═══ Task input

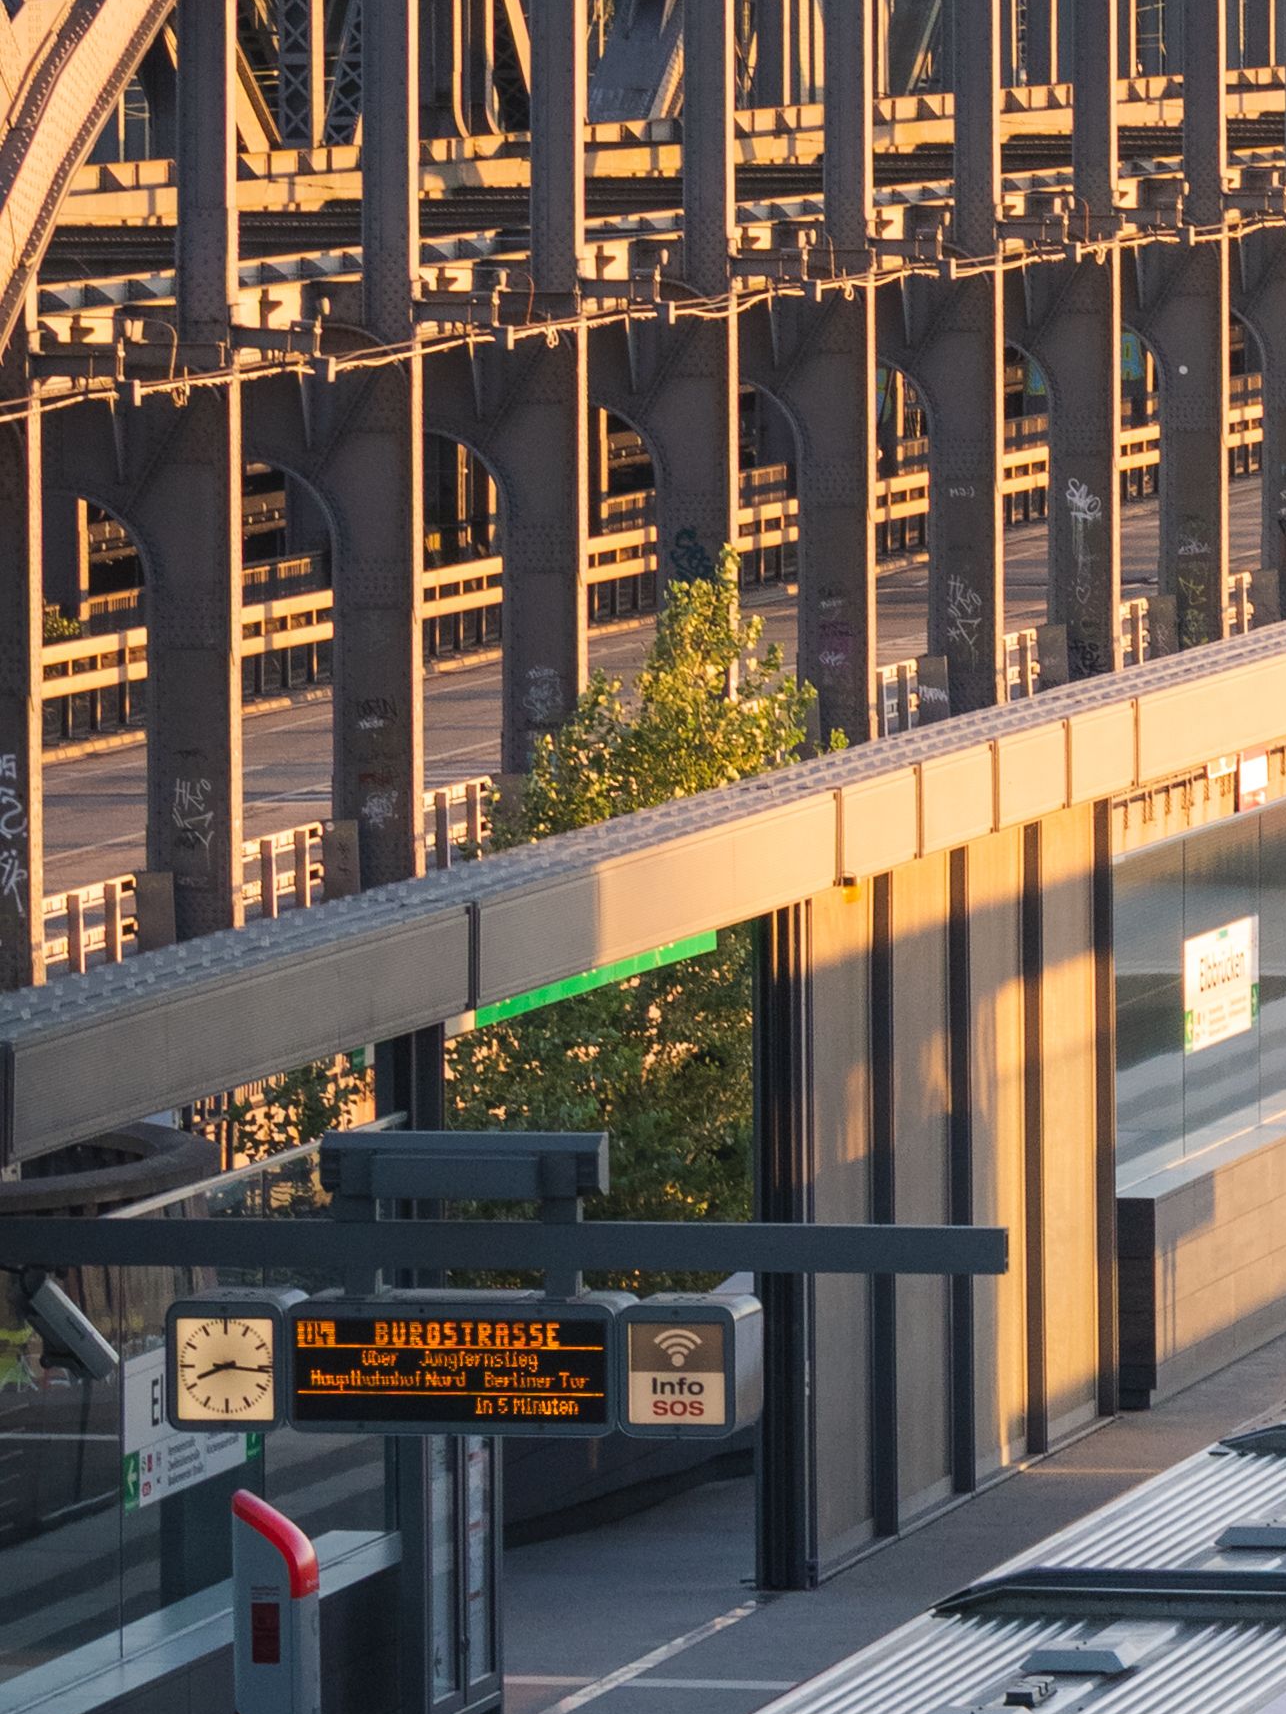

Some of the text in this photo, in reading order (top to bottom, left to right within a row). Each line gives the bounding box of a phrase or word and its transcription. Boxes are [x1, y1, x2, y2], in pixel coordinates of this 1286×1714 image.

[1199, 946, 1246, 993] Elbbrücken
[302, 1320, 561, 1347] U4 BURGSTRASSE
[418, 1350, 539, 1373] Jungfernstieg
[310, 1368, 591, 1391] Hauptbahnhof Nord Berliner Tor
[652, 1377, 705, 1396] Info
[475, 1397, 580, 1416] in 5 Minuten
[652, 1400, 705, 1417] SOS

══════

- _What is expected_: Apart from the pictures, every line of the material above is to be returned word for word.

- _Task answer_:
Some of the text in this photo, in reading order (top to bottom, left to right within a row). Each line gives the bounding box of a phrase or word and its transcription. Boxes are [x1, y1, x2, y2], in pixel coordinates of this 1286×1714 image.

[1199, 946, 1246, 993] Elbbrücken
[302, 1320, 561, 1347] U4 BURGSTRASSE
[418, 1350, 539, 1373] Jungfernstieg
[310, 1368, 591, 1391] Hauptbahnhof Nord Berliner Tor
[652, 1377, 705, 1396] Info
[475, 1397, 580, 1416] in 5 Minuten
[652, 1400, 705, 1417] SOS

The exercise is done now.